OWA runs fairly well with its default configurations in Exchange. But it could run better. Microsoft Exchange Server expert Brien Posey explains why it's important to determine the appropriate virtual directory and why you should simplify your OWA URL.

Exchange 2007's client access server enables Outlook Web Access to run well with its default configuration. However, it doesn't run optimally. Microsoft Exchange Server expert Brien Posey explains why determining the appropriate virtual directory is important and offers a way to make things easier for your OWA users.

One of the first steps after installing OWA is to determine which IIS virtual directory users should use to access OWA. This can be tricky.

Assuming that the Client Access Server role is running a dedicated Exchange 2007 server, choosing the appropriate virtual directory is fairly straightforward. If all of your mailboxes are being hosted on Exchange 2007, then users will access OWA through the /OWA virtual directory. If you're running Exchange in mixed mode -- Exchange 2007 mailboxes and legacy mailboxes on Exchange 2000 or Exchange 2003 -- use the /Exchange virtual directory.

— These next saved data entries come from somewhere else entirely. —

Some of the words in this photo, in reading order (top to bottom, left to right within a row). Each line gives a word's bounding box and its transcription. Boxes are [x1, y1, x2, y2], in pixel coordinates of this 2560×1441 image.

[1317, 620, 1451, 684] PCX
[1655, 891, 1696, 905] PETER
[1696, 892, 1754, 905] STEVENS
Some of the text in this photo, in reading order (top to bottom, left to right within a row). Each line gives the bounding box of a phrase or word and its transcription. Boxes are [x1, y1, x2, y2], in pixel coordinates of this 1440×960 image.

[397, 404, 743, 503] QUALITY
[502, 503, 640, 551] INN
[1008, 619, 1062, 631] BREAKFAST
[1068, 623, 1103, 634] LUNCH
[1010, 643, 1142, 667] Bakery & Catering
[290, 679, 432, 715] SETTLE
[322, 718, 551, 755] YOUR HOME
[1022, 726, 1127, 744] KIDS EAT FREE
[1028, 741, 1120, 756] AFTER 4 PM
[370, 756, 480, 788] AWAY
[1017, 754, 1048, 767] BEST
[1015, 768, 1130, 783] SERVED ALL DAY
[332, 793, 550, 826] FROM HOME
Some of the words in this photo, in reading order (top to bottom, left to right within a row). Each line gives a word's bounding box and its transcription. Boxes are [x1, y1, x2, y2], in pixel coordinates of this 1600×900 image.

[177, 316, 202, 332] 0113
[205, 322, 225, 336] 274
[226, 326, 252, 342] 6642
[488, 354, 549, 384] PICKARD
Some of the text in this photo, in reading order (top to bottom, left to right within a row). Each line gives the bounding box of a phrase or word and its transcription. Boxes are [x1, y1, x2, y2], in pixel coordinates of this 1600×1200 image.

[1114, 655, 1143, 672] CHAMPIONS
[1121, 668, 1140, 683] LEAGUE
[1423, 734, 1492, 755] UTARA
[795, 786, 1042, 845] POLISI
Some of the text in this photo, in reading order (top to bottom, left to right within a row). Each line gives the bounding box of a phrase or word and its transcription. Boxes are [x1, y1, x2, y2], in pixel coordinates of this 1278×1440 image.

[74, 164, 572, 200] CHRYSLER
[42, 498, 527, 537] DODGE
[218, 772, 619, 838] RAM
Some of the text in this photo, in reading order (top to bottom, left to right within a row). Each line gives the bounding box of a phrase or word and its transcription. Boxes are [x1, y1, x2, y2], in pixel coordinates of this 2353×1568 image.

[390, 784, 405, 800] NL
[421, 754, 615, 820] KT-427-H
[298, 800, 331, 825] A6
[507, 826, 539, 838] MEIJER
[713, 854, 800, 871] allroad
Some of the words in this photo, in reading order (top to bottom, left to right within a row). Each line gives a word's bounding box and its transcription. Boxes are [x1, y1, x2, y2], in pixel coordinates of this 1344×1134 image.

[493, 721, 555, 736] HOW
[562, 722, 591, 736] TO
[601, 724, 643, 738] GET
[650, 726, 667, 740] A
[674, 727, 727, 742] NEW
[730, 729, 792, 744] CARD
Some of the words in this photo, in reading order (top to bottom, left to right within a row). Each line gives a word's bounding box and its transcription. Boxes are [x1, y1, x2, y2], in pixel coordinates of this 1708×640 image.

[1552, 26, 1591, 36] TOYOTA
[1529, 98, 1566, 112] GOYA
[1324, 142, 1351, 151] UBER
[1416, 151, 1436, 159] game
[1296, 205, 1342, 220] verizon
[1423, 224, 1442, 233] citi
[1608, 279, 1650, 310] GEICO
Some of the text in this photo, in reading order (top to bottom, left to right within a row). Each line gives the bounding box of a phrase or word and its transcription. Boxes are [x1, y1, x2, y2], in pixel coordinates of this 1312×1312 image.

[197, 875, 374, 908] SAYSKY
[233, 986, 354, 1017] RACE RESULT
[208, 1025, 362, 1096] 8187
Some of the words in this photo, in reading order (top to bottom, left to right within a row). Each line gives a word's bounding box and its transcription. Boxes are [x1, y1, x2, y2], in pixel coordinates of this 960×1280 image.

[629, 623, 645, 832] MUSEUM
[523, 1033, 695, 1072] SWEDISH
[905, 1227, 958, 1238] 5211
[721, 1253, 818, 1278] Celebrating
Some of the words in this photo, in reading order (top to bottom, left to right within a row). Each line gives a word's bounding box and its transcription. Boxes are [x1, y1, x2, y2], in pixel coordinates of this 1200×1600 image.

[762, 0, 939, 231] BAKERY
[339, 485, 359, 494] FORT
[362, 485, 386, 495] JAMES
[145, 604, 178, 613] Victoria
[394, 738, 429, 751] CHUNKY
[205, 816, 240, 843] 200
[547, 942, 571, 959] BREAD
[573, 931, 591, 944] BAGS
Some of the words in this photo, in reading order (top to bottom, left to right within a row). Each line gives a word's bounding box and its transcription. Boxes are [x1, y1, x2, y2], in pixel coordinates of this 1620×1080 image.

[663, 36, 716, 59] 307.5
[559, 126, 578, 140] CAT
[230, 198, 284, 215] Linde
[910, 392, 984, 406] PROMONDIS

When using the /Exchange virtual directory, the client access server automatically redirects users with Exchange 2007 mailboxes to the /OWA virtual directory. Users with legacy mailboxes are provided with mailbox access with no further redirection.

Things get a bit more complicated if the Client Access Server role and the Mailbox Server role are hosted on the same server. In this case, users who attempt to access OWA through the /Exchange virtual directory are automatically rerouted to the /OWA virtual directory, regardless of where their mailboxes are actually hosted. The /OWA virtual directory doesn't work with Exchange 2000 or Exchange 2003 mailboxes.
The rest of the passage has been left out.